Fisher & Paykel Healthcare, Auckland , New Zealand.
School of Sport, Exercise and Nutrition, Massey University , Palmerston North , New Zealand.
J Appl Physiol (1985). 2019 Apr 1;126(4):863-869. doi: 10.1152/japplphysiol.01063.2018. Epub 2019 Feb 7.

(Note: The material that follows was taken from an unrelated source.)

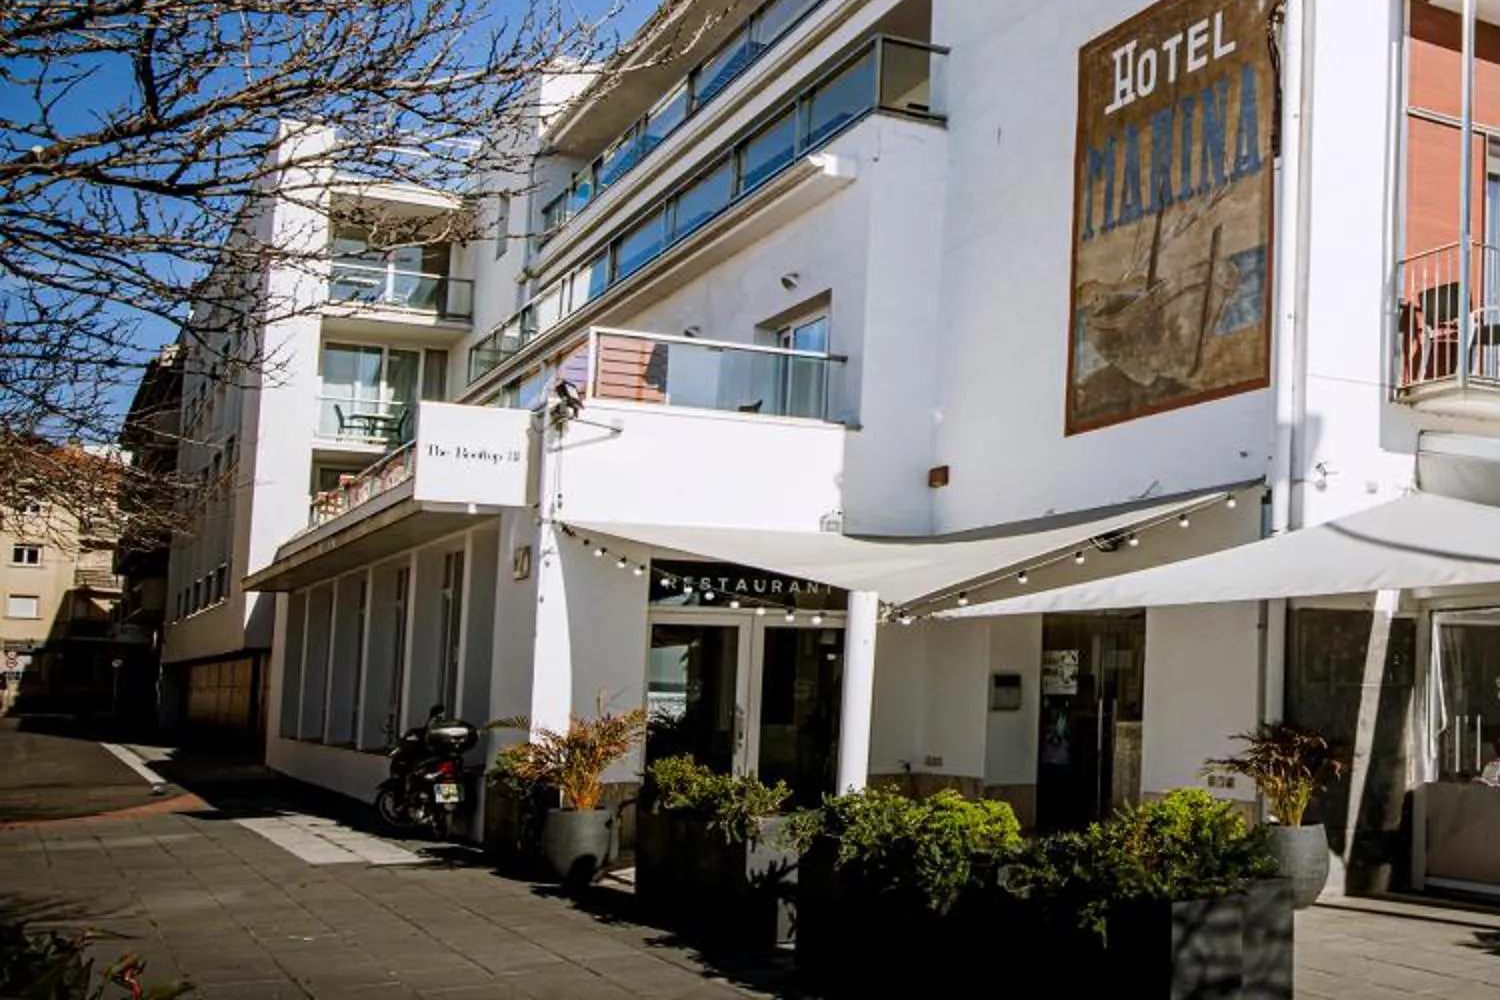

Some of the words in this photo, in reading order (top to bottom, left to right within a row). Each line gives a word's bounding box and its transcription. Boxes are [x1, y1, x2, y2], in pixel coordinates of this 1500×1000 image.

[1104, 10, 1237, 116] HOTEL
[1082, 60, 1264, 242] MARINA
[665, 573, 833, 593] RESTAURANT

Nasal high flow (NHF) is an emerging therapy for respiratory support, but knowledge of the mechanisms and applications is limited. It was previously observed that NHF reduces the tidal volume but does not affect the respiratory rate during sleep. The authors hypothesized that the decrease in tidal volume during NHF is due to a reduction in carbon dioxide (CO) rebreathing from dead space. In nine healthy males, ventilation was measured during sleep using calibrated respiratory inductance plethysmography (RIP). Carbogen gas mixture was entrained into 30 l/min of NHF to obtain three levels of inspired CO: 0.04% (room air), 1%, and 3%. NHF with room air reduced tidal volume by 81 ml, SD 25 ( P < 0.0001) from a baseline of 415 ml, SD 114, but did not change respiratory rate; tissue CO and O remained stable, indicating that gas exchange had been maintained. CO entrainment increased tidal volume close to baseline with 1% CO and greater than baseline with 3% CO by 155 ml, SD 79 ( P = 0.0004), without affecting the respiratory rate. It was calculated that 30 l/min of NHF reduced the rebreathing of CO from anatomical dead space by 45%, which is equivalent to the 20% reduction in tidal volume that was observed. The study proves that the reduction in tidal volume in response to NHF during sleep is due to the reduced rebreathing of CO. Entrainment of CO into the NHF can be used to control ventilation during sleep. NEW & NOTEWORTHY The findings in healthy volunteers during sleep show that nasal high flow (NHF) with a rate of 30 l/min reduces the rebreathing of CO from anatomical dead space by 45%, resulting in a reduced minute ventilation, while gas exchange is maintained. Entrainment of CO into the NHF can be used to control ventilation during sleep.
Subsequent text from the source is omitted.